KRONUS TSH Receptor Antibody (TRAb) Coated Tube (CT) Assay Kit k()32134

Not Found

No
The device description details a bioassay based on cell culture and luminescence measurement. While statistical analysis (ROC curve) is mentioned for cutoff determination, there is no indication of AI or ML being used in the assay itself or the interpretation of results beyond a simple cutoff.

No
The device is an in vitro diagnostic assay intended for the qualitative detection of autoantibodies to aid in the differential diagnosis of Graves' disease, not for direct therapy.

Yes

The 'Intended Use / Indications for Use' section states that the device "may be useful as an aid in the differential diagnosis of patients with Graves' disease (GD)." This explicitly indicates its role in diagnosis.

No

The device description clearly outlines a bioassay kit that includes genetically engineered cells, reaction buffer, and requires a luminometer for measurement. This involves significant hardware and biological components, not just software.

Yes, this device is an IVD (In Vitro Diagnostic).

Here's why:

  • Intended Use: The "Intended Use / Indications for Use" section explicitly states that the device is "intended for the qualitative detection in serum of thyroid stimulating autoantibodies...". This indicates that the device is used to examine specimens derived from the human body (serum) to provide information for diagnostic purposes.
  • Device Description: The description details a laboratory assay that uses biological reagents (CHO cells, patient sera, controls) and measures a biological marker (luciferase levels as an indicator of TSI antibodies) in a sample. This is characteristic of an in vitro diagnostic test.
  • Clinical Context: The intended use also states that the detection of these antibodies "in conjunction with other clinical and laboratory findings, may be useful as an aid in the differential diagnosis of patients with Graves' disease (GD)." This clearly places the device within a clinical diagnostic context.
  • Performance Studies: The document describes performance studies, including clinical performance studies comparing the device to a predicate device, which are standard requirements for IVD devices seeking regulatory approval.

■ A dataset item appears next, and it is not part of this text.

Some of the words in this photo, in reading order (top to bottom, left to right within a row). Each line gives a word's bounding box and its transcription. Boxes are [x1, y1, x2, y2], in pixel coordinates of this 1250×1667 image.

Therefore, based on the provided information, the Thyretain ™ TSI Reporter BioAssay fits the definition of an In Vitro Diagnostic device.

N/A

Intended Use / Indications for Use

The Thyretain ™ TSI Reporter BioAssay is intended for the qualitative detection in serum of thyroid stimulating autoantibodies to the thyroid stimulating hormone (TSH) receptors (TSHRs) on the thyroid. The detection of these stimulating autoantibodies, in conjunction with other clinical and laboratory findings, may be useful as an aid in the differential diagnosis of patients with Graves' disease (GD).

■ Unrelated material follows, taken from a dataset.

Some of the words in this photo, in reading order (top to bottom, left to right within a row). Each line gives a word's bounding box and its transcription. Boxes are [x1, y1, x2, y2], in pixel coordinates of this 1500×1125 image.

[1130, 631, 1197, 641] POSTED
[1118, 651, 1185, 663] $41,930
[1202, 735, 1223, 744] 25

Product codes (comma separated list FDA assigned to the subject device)

JZO

Device Description

The Thyretain ™ TSI Reporter BioAssay (TSI Reporter) utilizes a patented bioassay technology to detect thyroid stimulating immunoglobulin (TSI) in human serum. Genetically engineered Chinese hamster ovary (CHO) cells, expressing a chimeric form' of the human thyroid stimulating hormone receptor (TSHR) and a cyclic adenosine monophosphate (cAMP) induced luciferase reporter gene, are cryogenically preserved and provided in measured aliquots. The CHO Mc4 cell line has a nucleic acid sequence encoding a chimeric human TSH receptor, designed for reduced response to thyroid blocking immunoglobulin (TBI) activity. Thus, the hTSH receptor, comprised of 730 amino acids, has amino acid residues 262 to 335 replaced by the equivalently located 73 amino acid residues of the rat Luteinizing Hormone receptor to form the chimeric TSHR. This chimeric receptor is linked to a firefly luciferase reporter gene in operable combination with a glycoprotein hormone a-subunit promoter.

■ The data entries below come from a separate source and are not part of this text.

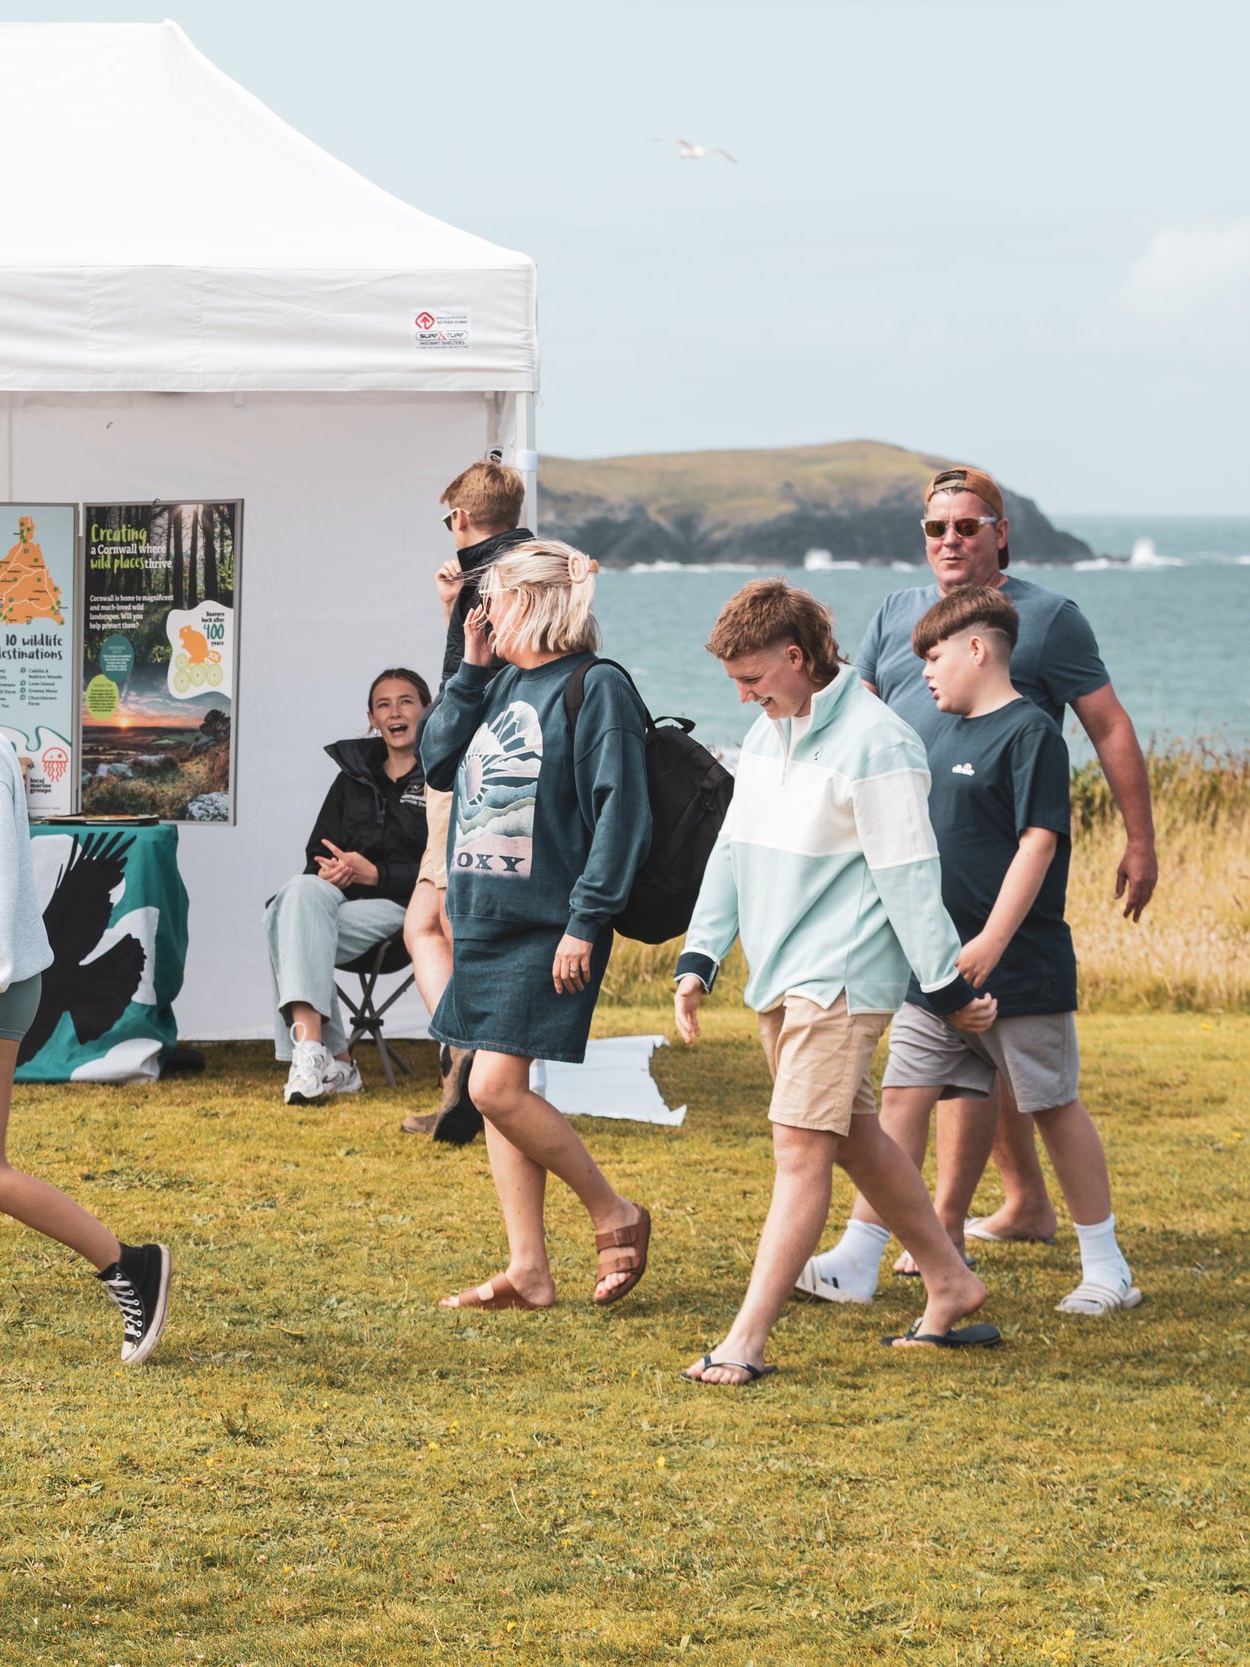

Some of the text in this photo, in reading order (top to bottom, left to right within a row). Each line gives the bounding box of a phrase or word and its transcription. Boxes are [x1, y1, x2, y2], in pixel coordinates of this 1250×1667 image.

[91, 524, 147, 546] Creating
[91, 543, 167, 555] a Cornwall where
[90, 554, 173, 574] wild places thrive
[90, 594, 114, 602] Cornwall
[114, 594, 120, 602] is
[120, 594, 135, 602] home
[142, 594, 174, 603] magnificent
[120, 612, 132, 620] Will
[89, 622, 101, 630] help
[102, 622, 122, 631] protect
[203, 623, 225, 640] 400
[6, 633, 63, 647] 10 wildlife
[452, 852, 526, 873] OXY
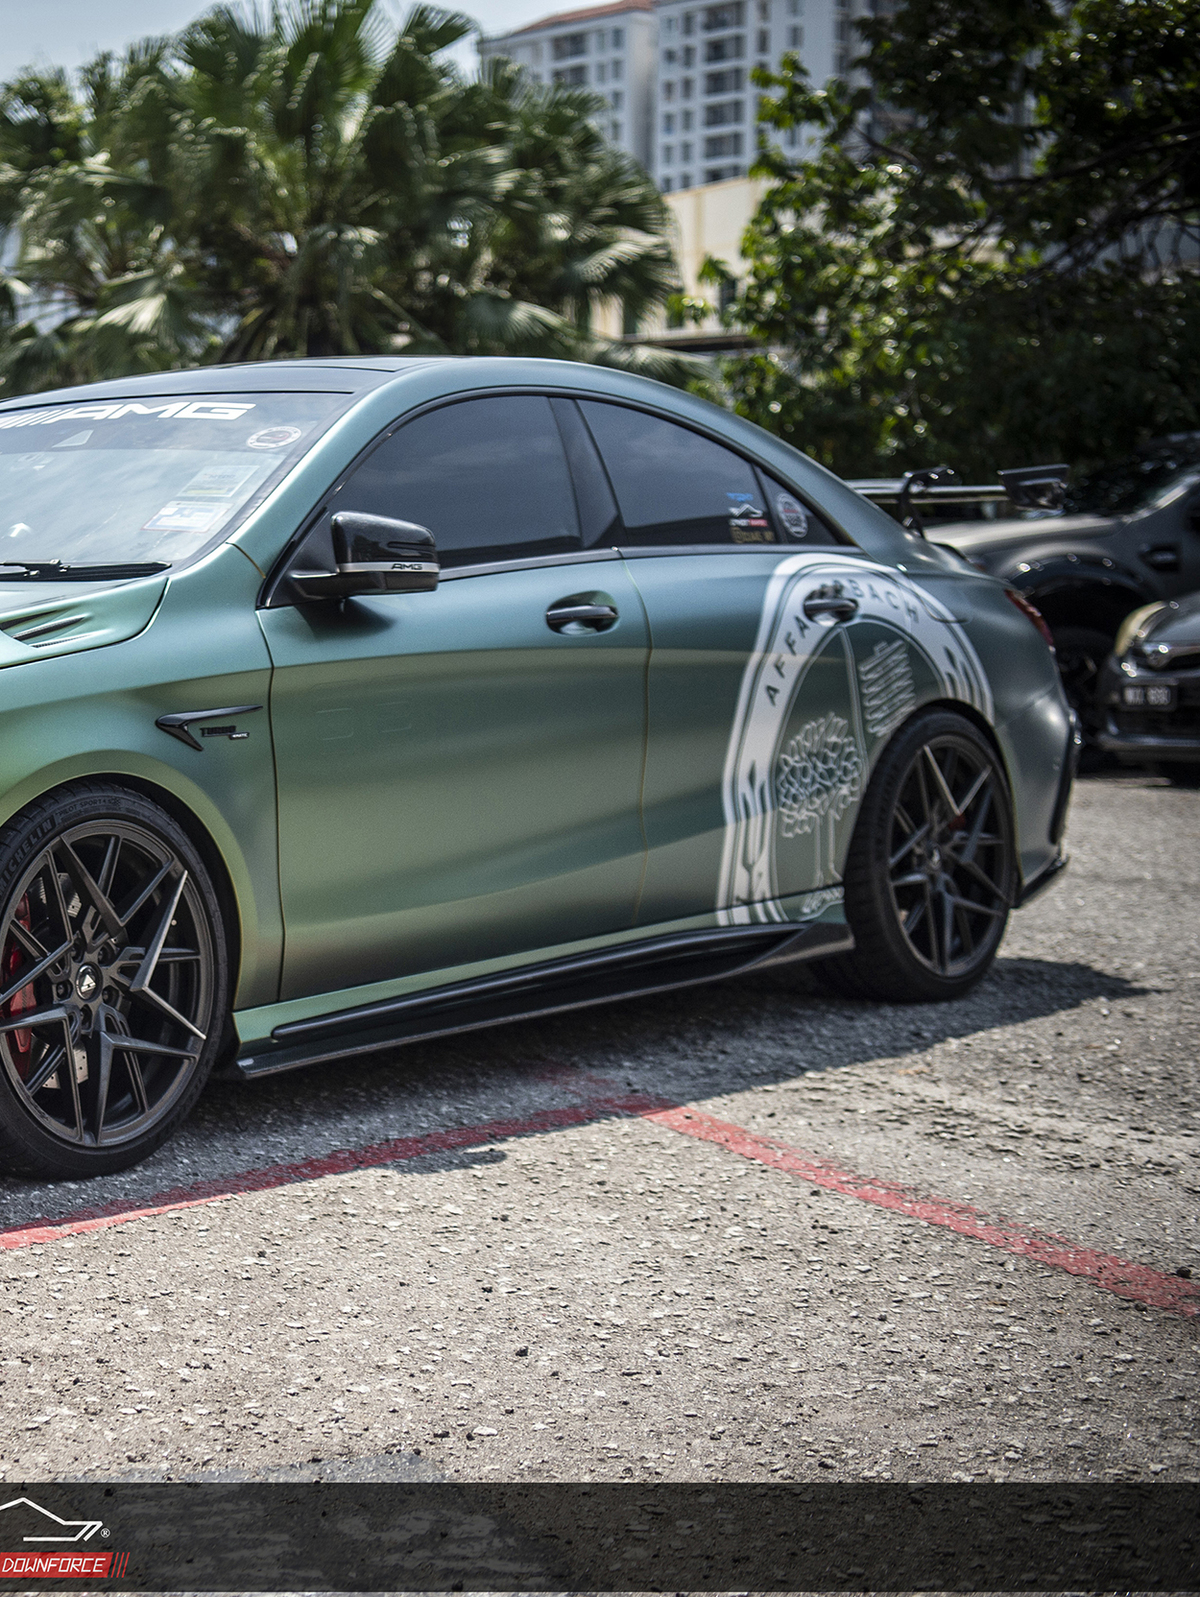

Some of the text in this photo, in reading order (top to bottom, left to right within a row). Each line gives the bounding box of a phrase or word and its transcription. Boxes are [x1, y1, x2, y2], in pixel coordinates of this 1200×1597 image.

[48, 402, 256, 422] AMG
[391, 563, 422, 571] AMG
[765, 579, 919, 706] AFFARBACH

The cells are seeded and grown for 15 to 18 hours to confluent monolayers in a 96-well plate. Patient sera, reference control, positive and normal controls and are diluted with a proprietary reaction buffer (RB), added to the cell monolayers and allowed to react with the cells for 3 hours. During this induction period TSI, if present in the patient serum, bind to the chimeric human TSHR on the cell surface. This binding event induces a signaling cascade resulting in increased production of intra-cellular cAMP. This increased production of cAMP is evidenced by increased production of luciferase. At the conclusion of the 3 hour induction period the cells are lysed. Luciferase levels are then measured using a luminometer. A significant increase in luminescence over the Reference Control indicates the presence of TSI antibodies in the sample.

Mentions image processing

Not Found

Mentions AI, DNN, or ML

Not Found

Input Imaging Modality

Not Found

Anatomical Site

Thyroid (on the thyroid)

Indicated Patient Age Range

Not Found

Intended User / Care Setting

Not Found

Description of the training set, sample size, data source, and annotation protocol

A "training-set" of samples was used to establish a preliminary cut-off. The TSI Reporter prototype device was tested for assay cutoff limits through testing of 30 subjects with diagnosed Graves' disease and 44 normal subjects with no known or clinically diagnosed thyroid disease. The SRR% data obtained for each of these subjects were analyzed using receiver operating characteristic (ROC) curve analysis.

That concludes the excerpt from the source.